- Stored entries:
:::

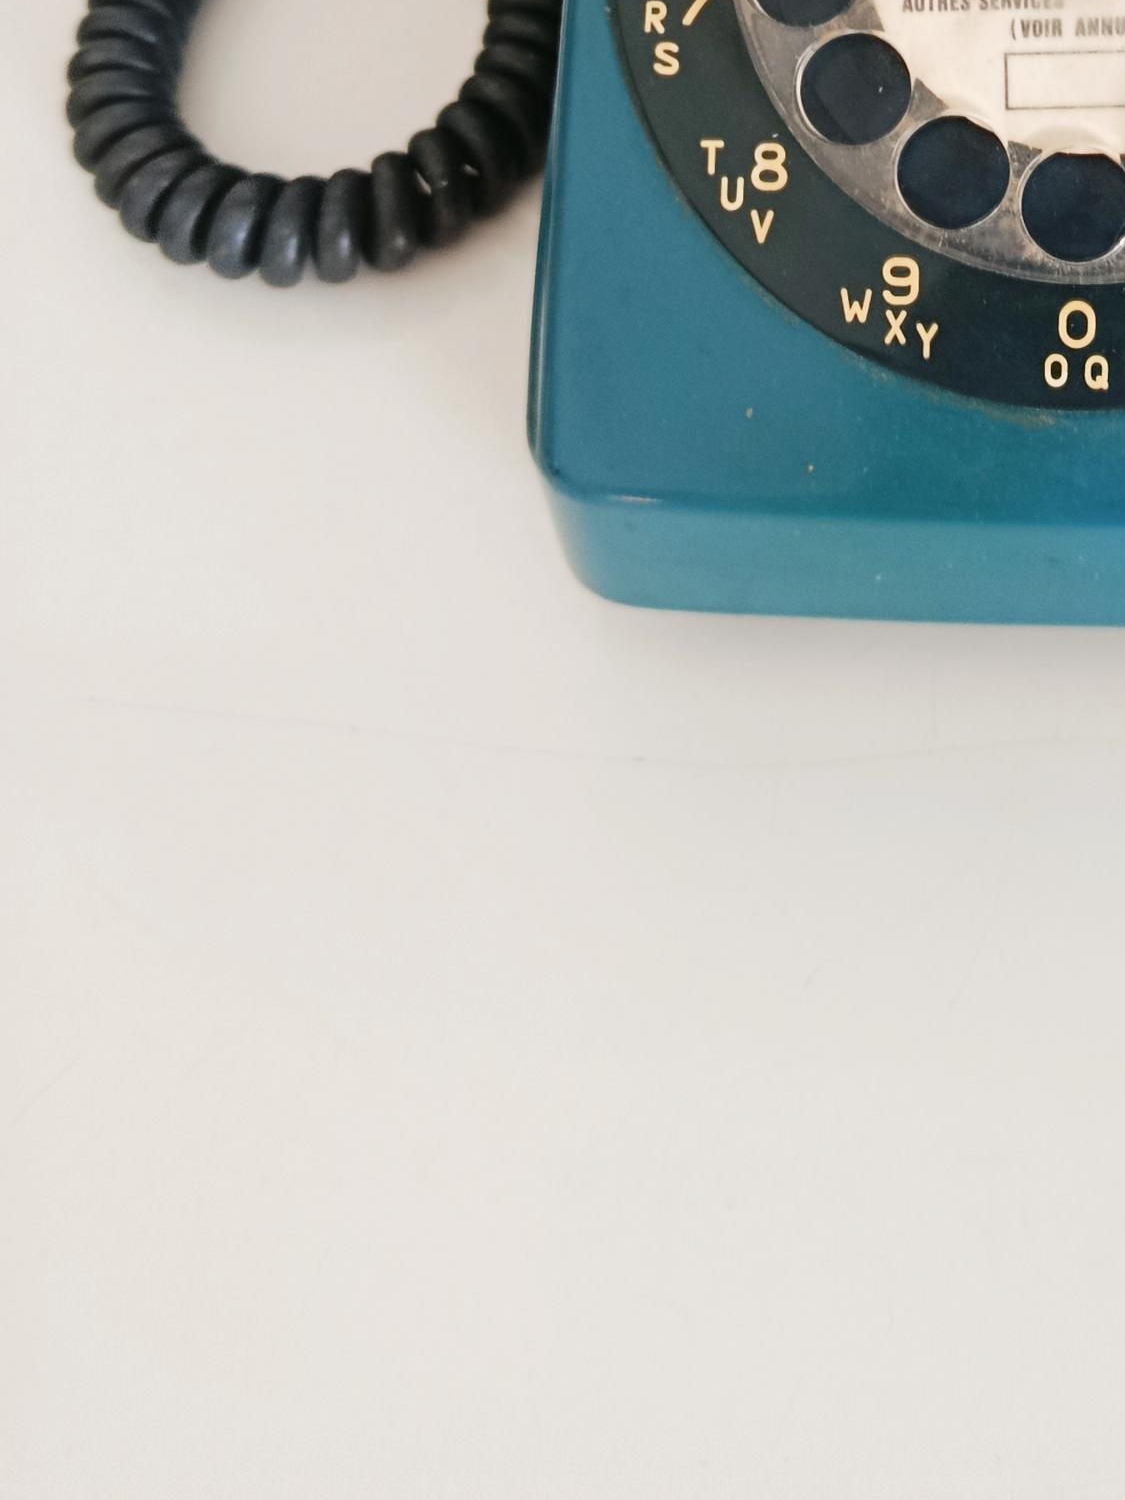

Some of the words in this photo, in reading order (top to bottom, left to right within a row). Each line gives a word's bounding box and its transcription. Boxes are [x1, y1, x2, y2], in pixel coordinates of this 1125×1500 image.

[1010, 17, 1063, 40] (VOIR
[750, 142, 788, 192] 8
[882, 256, 920, 306] 9
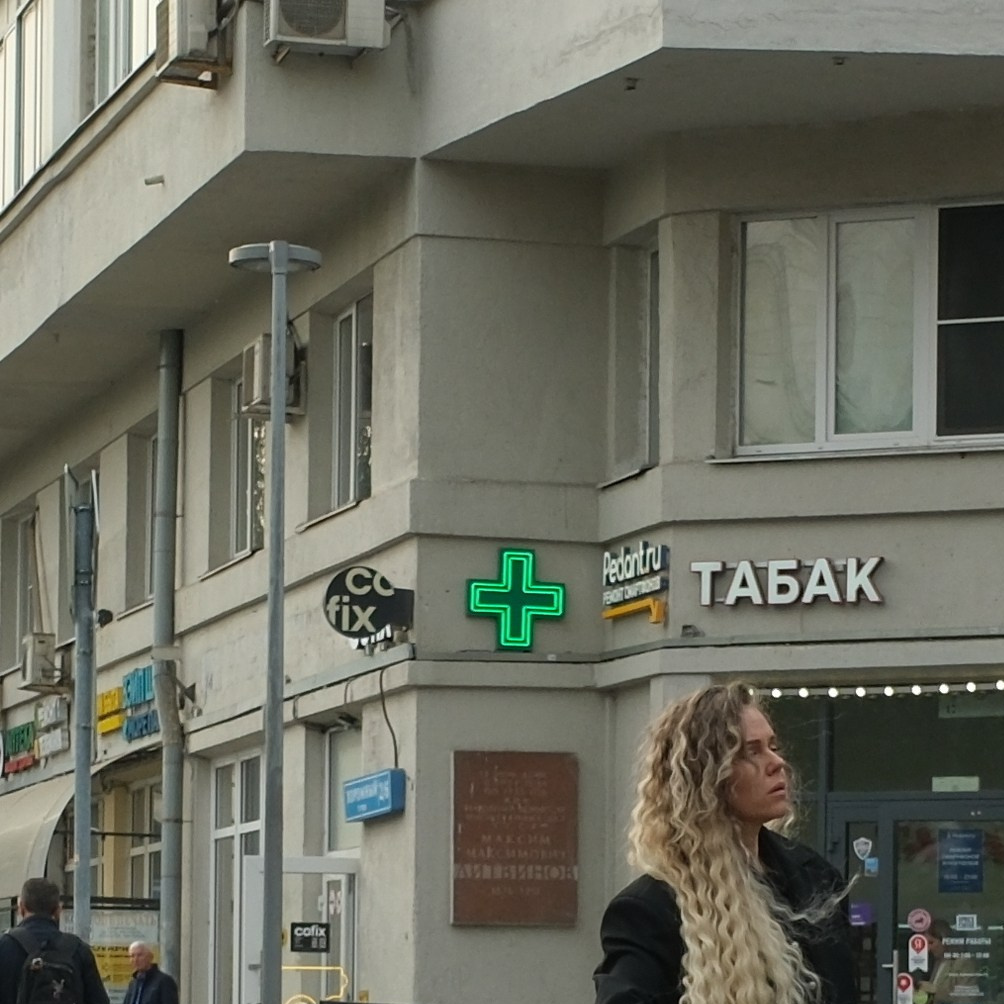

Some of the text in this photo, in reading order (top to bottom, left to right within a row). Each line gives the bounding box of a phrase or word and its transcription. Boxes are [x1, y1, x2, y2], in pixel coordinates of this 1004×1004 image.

[690, 557, 882, 607] ТАБАК
[326, 594, 376, 633] fix
[294, 924, 327, 938] cofix
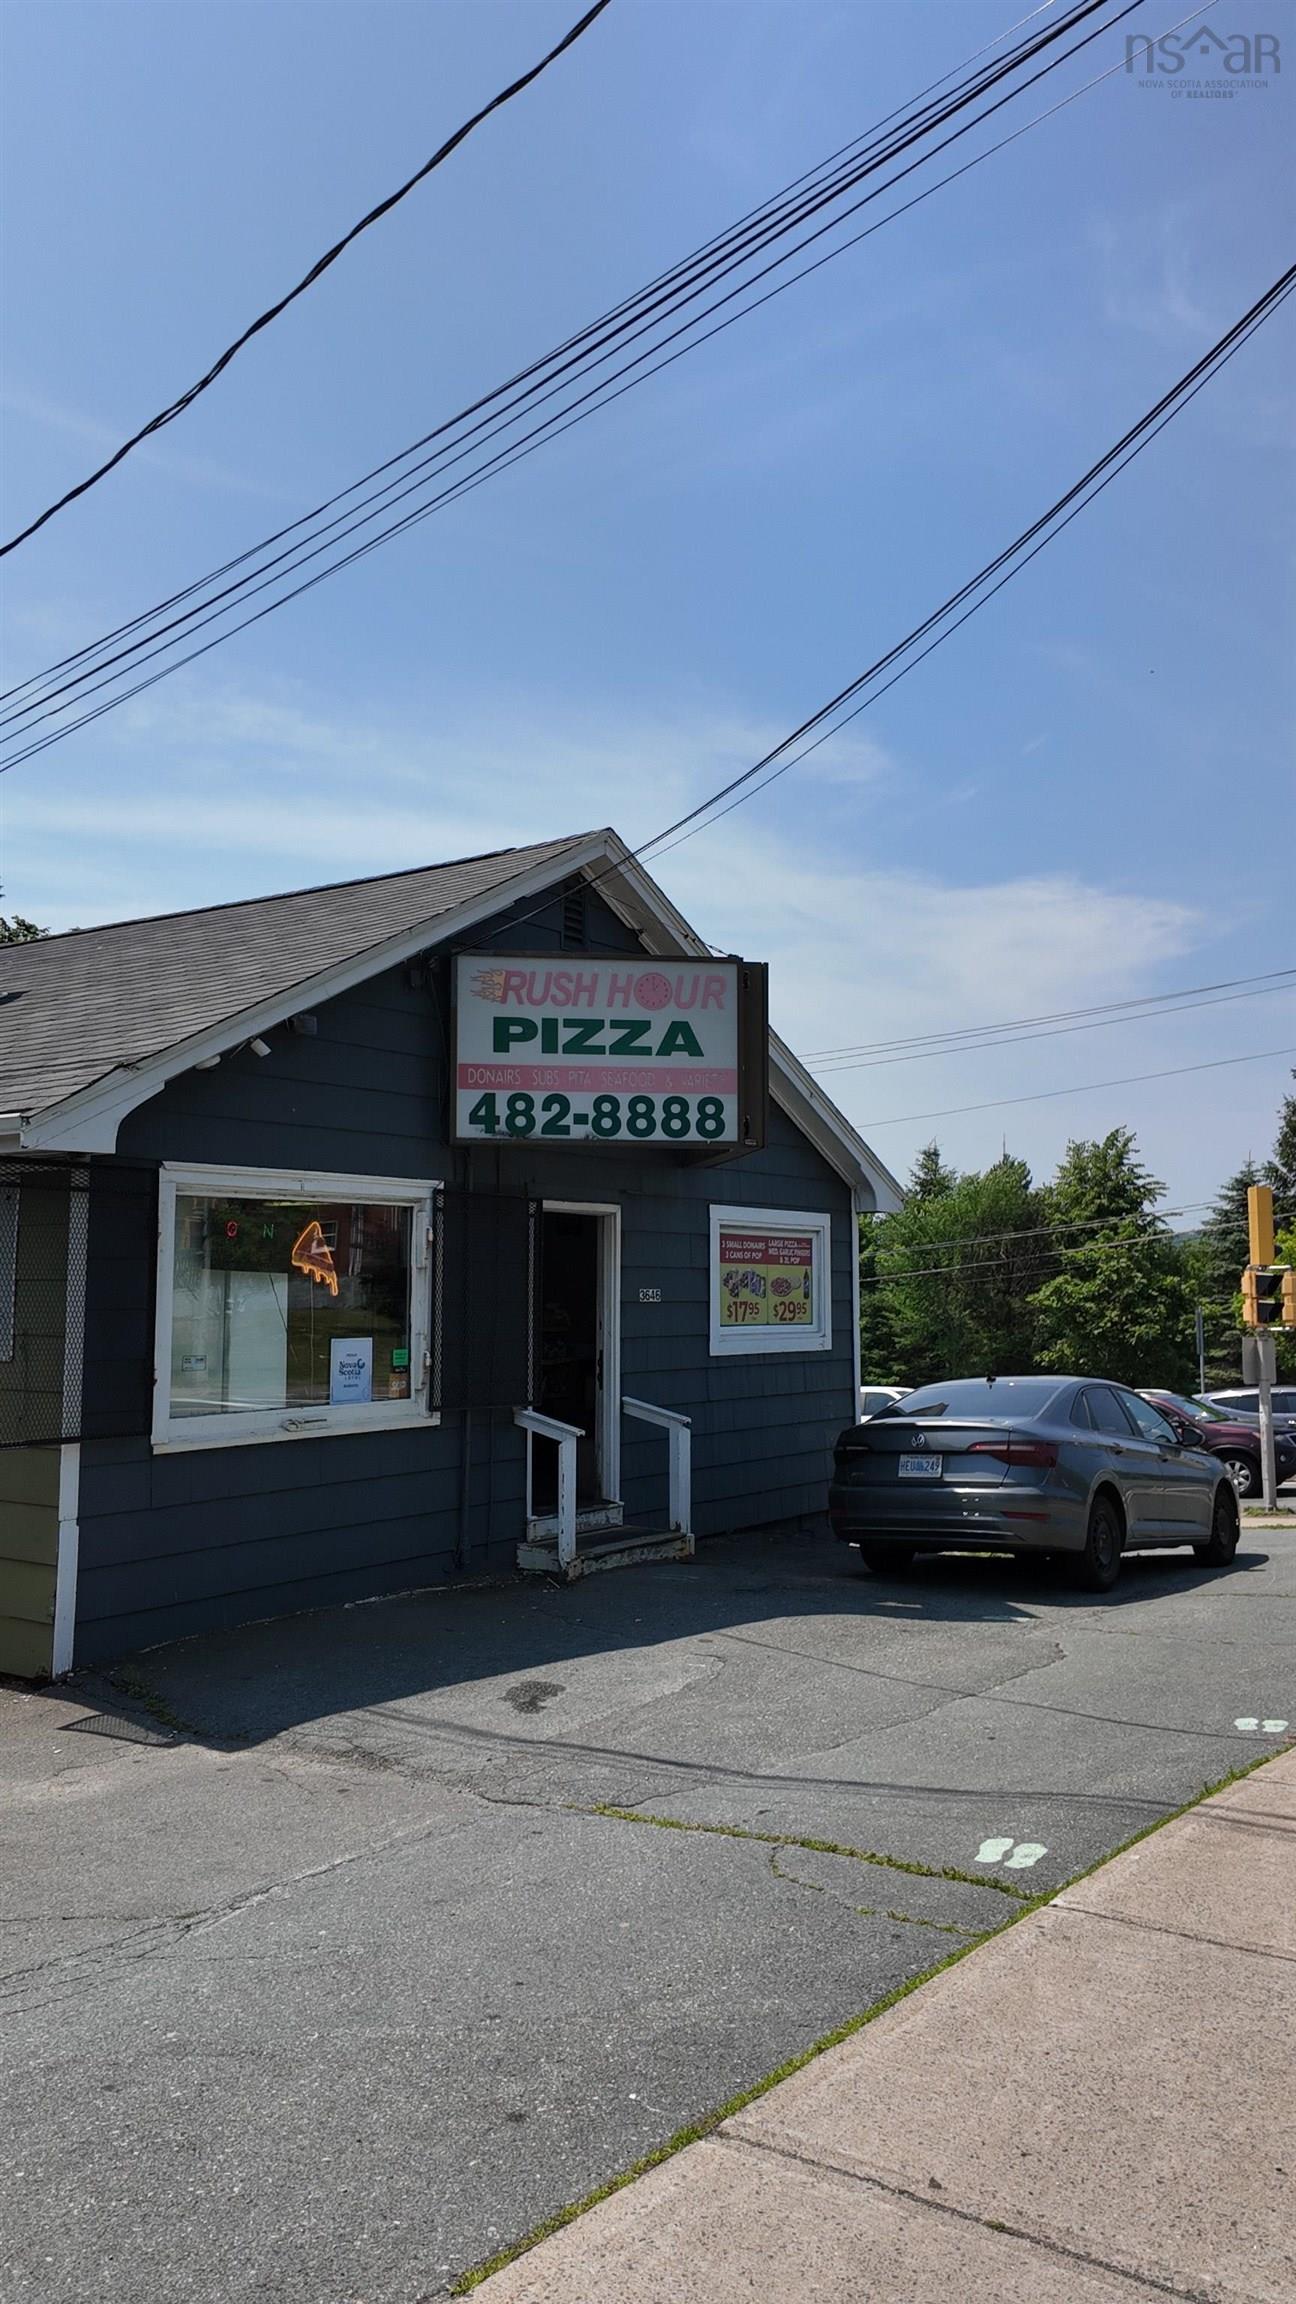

:::

- Activity: Set the records down again word for word; the pictures stay out.

- Answer for the task:
Some of the words in this photo, in reading order (top to bottom, left to right within a row). Each line gives a word's bounding box and its transcription. Boxes are [x1, y1, x2, y2], in pixel coordinates of this 1125×1500 image.

[1010, 17, 1063, 40] (VOIR
[750, 142, 788, 192] 8
[882, 256, 920, 306] 9

Some of the text in this photo, in reading order (top to bottom, left to right within a row). Each line gives the bounding box of a phrase or word and its transcription. Boxes are [x1, y1, x2, y2], in pixel coordinates of this 1004×1004 image.

[690, 557, 882, 607] ТАБАК
[326, 594, 376, 633] fix
[294, 924, 327, 938] cofix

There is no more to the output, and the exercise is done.